Nos han colocado en una mesa del fondo, desde la que apenas se divisa el mar, tapado por las cabezas de los comensales: turistas, hombres de negocios, parejas, empleados de una firma que celebran un cumpleaños. Debe haber un político o un empresario importante entre ellos, pues, en una mesa próxima, veo a cuatro guardaespaldas de civil, con metralletas sobre las piernas. Beben cerveza en silencio, ojeando el local de un lado a otro. El rumor de las conversaciones, las risas, el ruido de los cubiertos apagan las olas y la resaca.
—Con Vallejos, en todo caso, llegaron a ocho —le digo—. La memoria te falló.
—Vallejos no estuvo nunca en el Partido—me replica, al instante—. Suena a broma eso de un Partido con siete afiliados ¿no? No estuvo nunca. Para mayor precisión, a Vallejos yo no le vi jamás la cara. La primera vez que se la vi fue en los periódicos.
Habla con absoluta seguridad y tengo que creerle. ¿Por qué me mentiría? De todas maneras, me sorprende, más todavía que el número de militantes del POR(T). Lo imaginaba pequeño pero no tan ínfimo. Me había hecho una composición de lugar sobre presunciones que ahora se esfuman: Mayta llevando a Vallejos al garaje del Jirón Zorritos, presentándolo a sus camaradas, incorporándolo como Secretario de Defensa… Todo eso, humo.
—Ahora, cuando te digo siete, te digo siete profesionalizados —aclara Moisés, luego de un momento—. Había, además, los simpatizantes. Estudiantes y obreros con los que organizábamos círculos de estudios. Y teníamos cierta influencia en algunos sindicatos. El de Fertisa, por ejemplo. Y en Construcción Civil.
Acaban de traer los ceviches y los camarones lucen frescos y húmedos y se siente el picante en el aroma de los platos. Bebemos, comemos y, apenas terminamos, vuelvo a la carga:
—¿Estás seguro que nunca viste a Vallejos?
—El único que lo veía era Mayta. Durante un buen tiempo, al menos. Después, se formó una comisión especial. El Grupo de Acción. Anatolio, Mayta y Jacinto, creo. Ellos sí lo vieron, unas cuantas veces. Los demás, nunca. Era un militar ¿no te das cuenta? ¿Qué éramos nosotros? Revolucionarios clandestinos. ¿Y él? ¡Un Alférez! ¡Un Subteniente!
—¿Un Subteniente? —el Camarada Anatolio rebotó en el asiento—. ¿Un Alférez?
—Le han encargado infiltrarnos —dijo el Camarada Joaquín—. Eso está clarísimo.
—Es lo primero que pensé, por supuesto —asintió Mayta—. Recapacitemos, camaradas. ¿Son tan tontos? ¿Mandarían a infiltrarnos a un Alférez que se pone a hablar de la revolución socialista en una fiesta? Pude tirarle algo la lengua y no sabe dónde está parado. Buenos sentimientos, una posición ingenua, emotiva, habla de la revolución sin saber de qué se trata. Está ideológicamente virgen. La revolución, para él, son Fidel Castro y sus barbudos pegando tiros en la Sierra Maestra. Le huele a algo justo, pero no sabe cómo se come. Hasta donde he podido sondearlo, no es más que eso.

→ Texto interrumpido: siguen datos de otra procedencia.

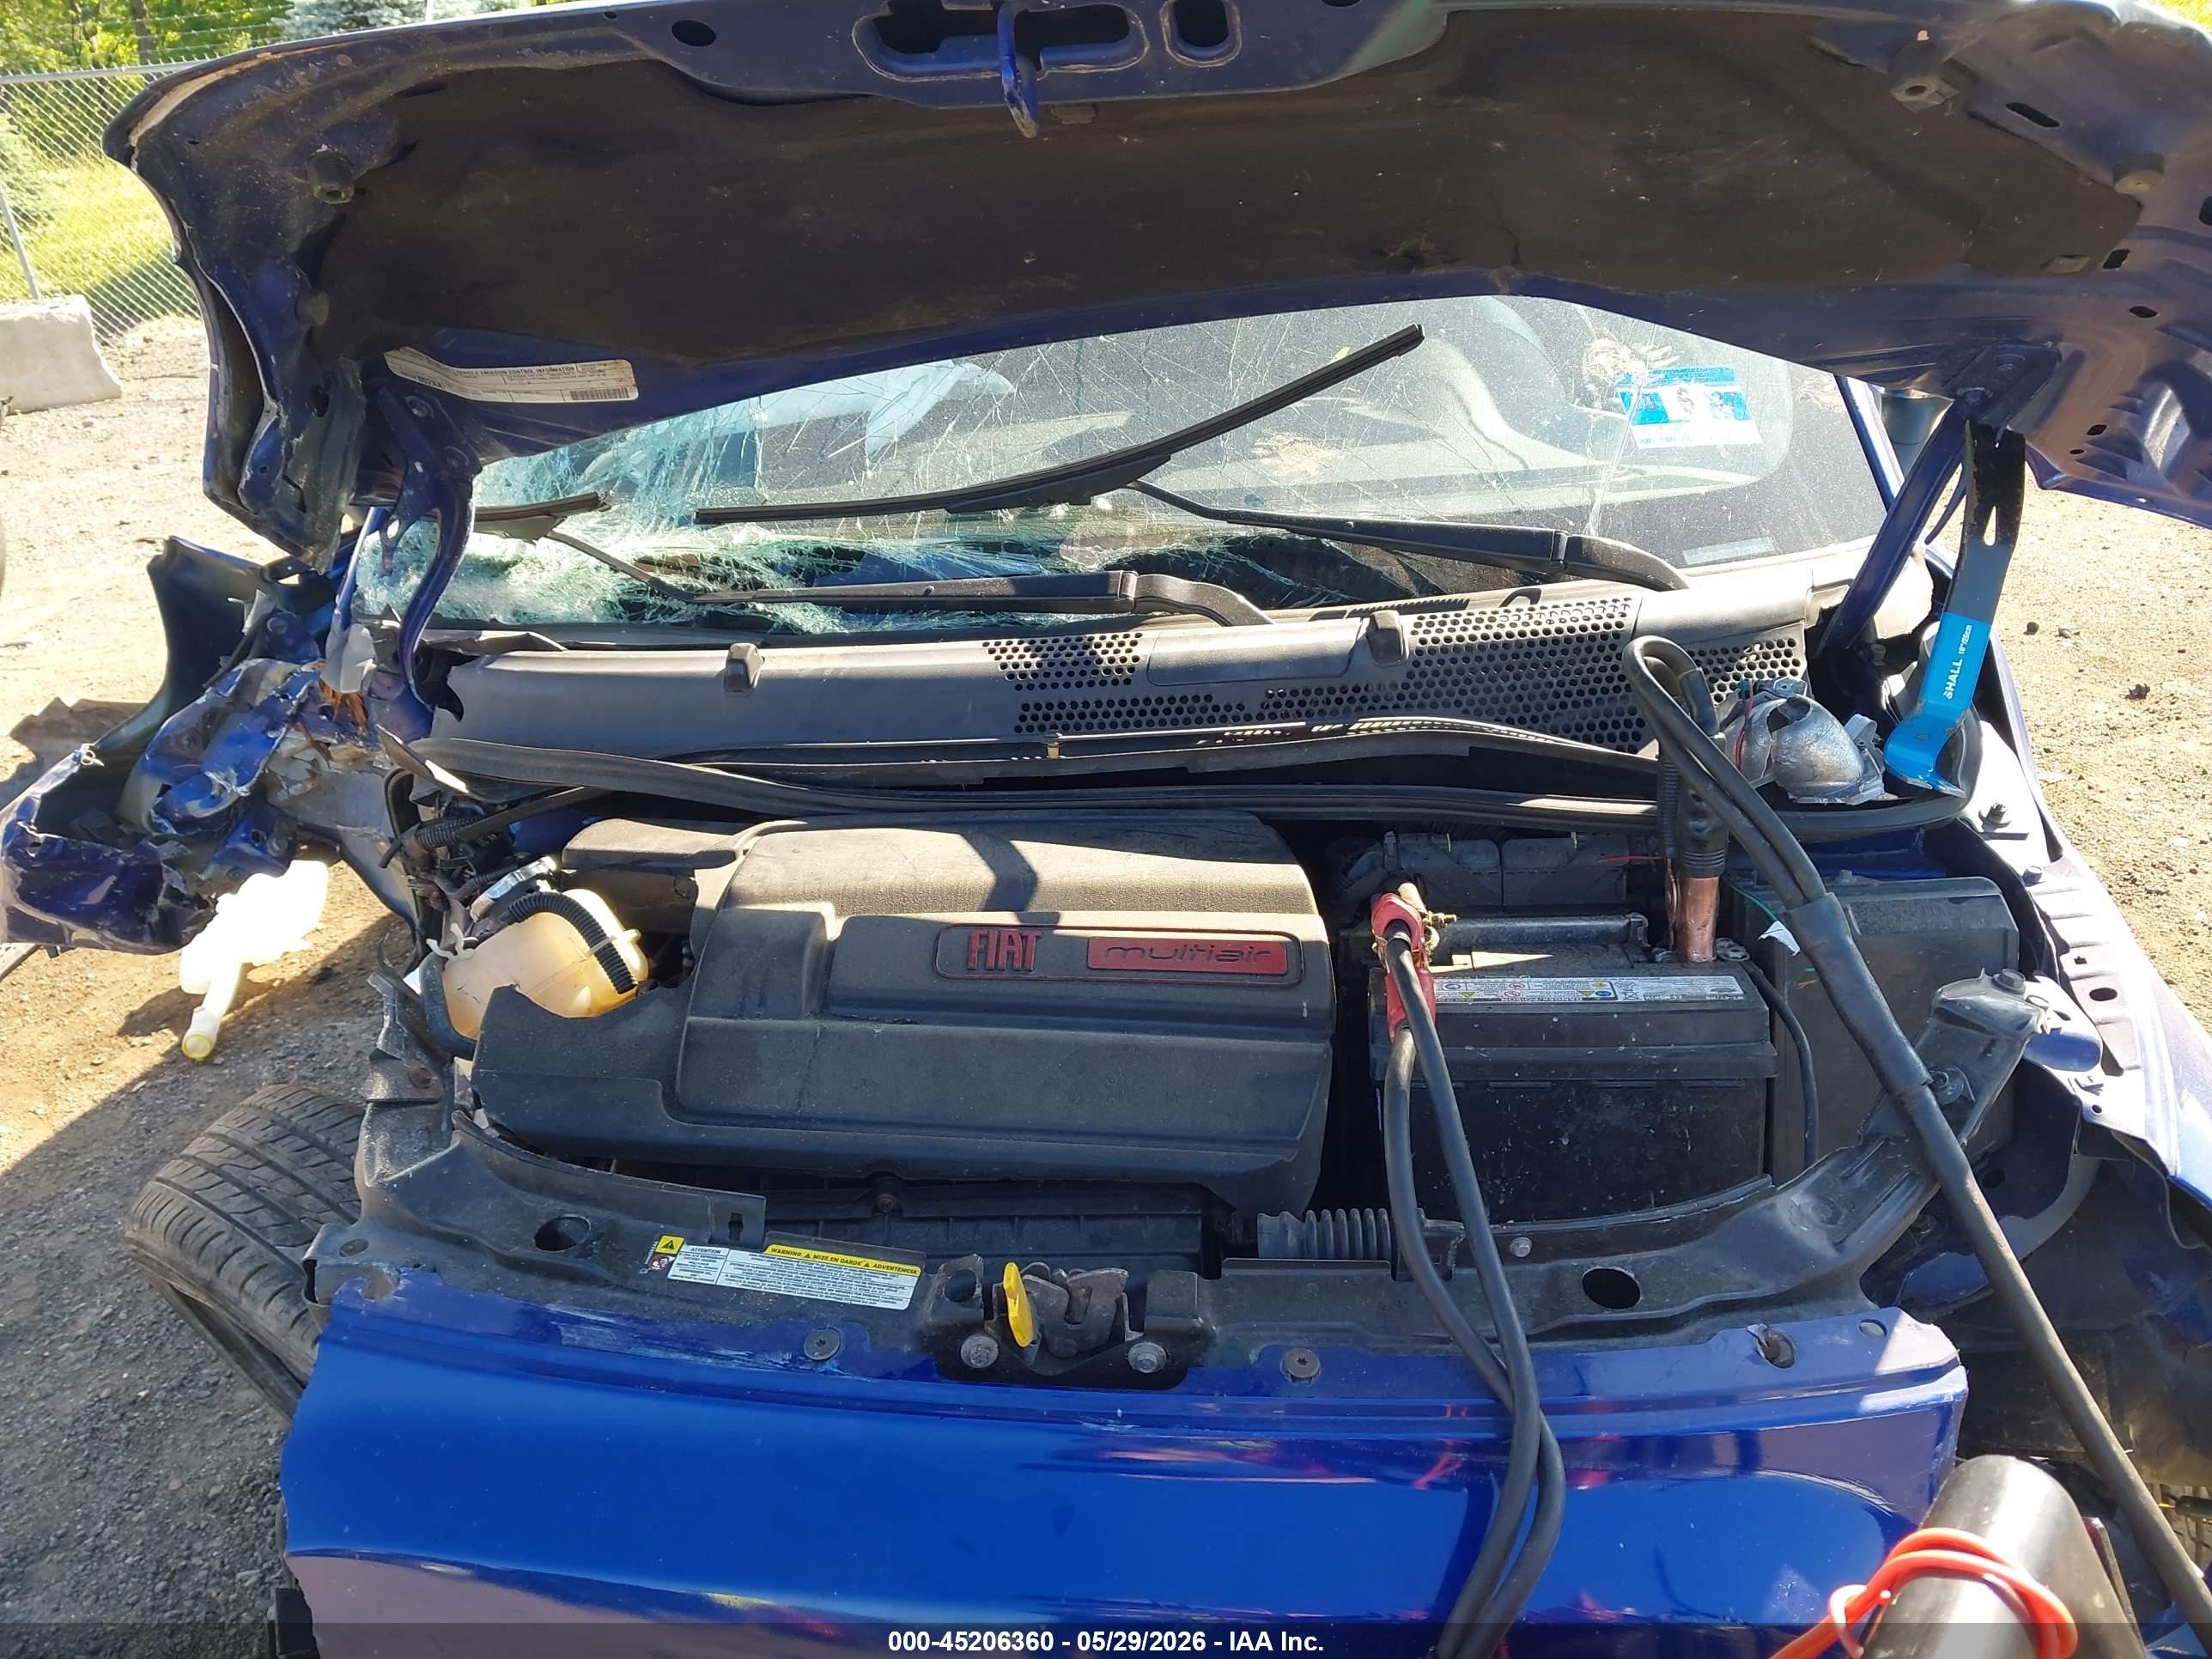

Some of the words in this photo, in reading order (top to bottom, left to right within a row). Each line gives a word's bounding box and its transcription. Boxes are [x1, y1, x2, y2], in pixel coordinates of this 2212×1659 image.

Se había sentado y hablaba con cierta impaciencia porque, en las tres horas de sesión, se habían acabado los cigarrillos y sentía urgencia de fumar. ¿Por qué descartaba que fuera un oficial de inteligencia encargado de recabar información sobre el POR(T) ¿Y si lo era? ¿Qué tenía de raro que se valieran de una estratagema burda? ¿No eran burdos los policías, los militares, los burgueses del Perú? Pero la imagen jovial y exuberante del joven lenguaraz evaporó de nuevo sus sospechas. Oyó al Camarada Jacinto darle la razón:
—Pudiera que le hayan encargado infiltrarnos. Al menos, le llevamos la ventaja de saber quién es. Podemos tomar las precauciones que haga falta. Si nos dan la oportunidad de infiltrarlos a ellos, no sería de revolucionarios dejarla escapar, camaradas.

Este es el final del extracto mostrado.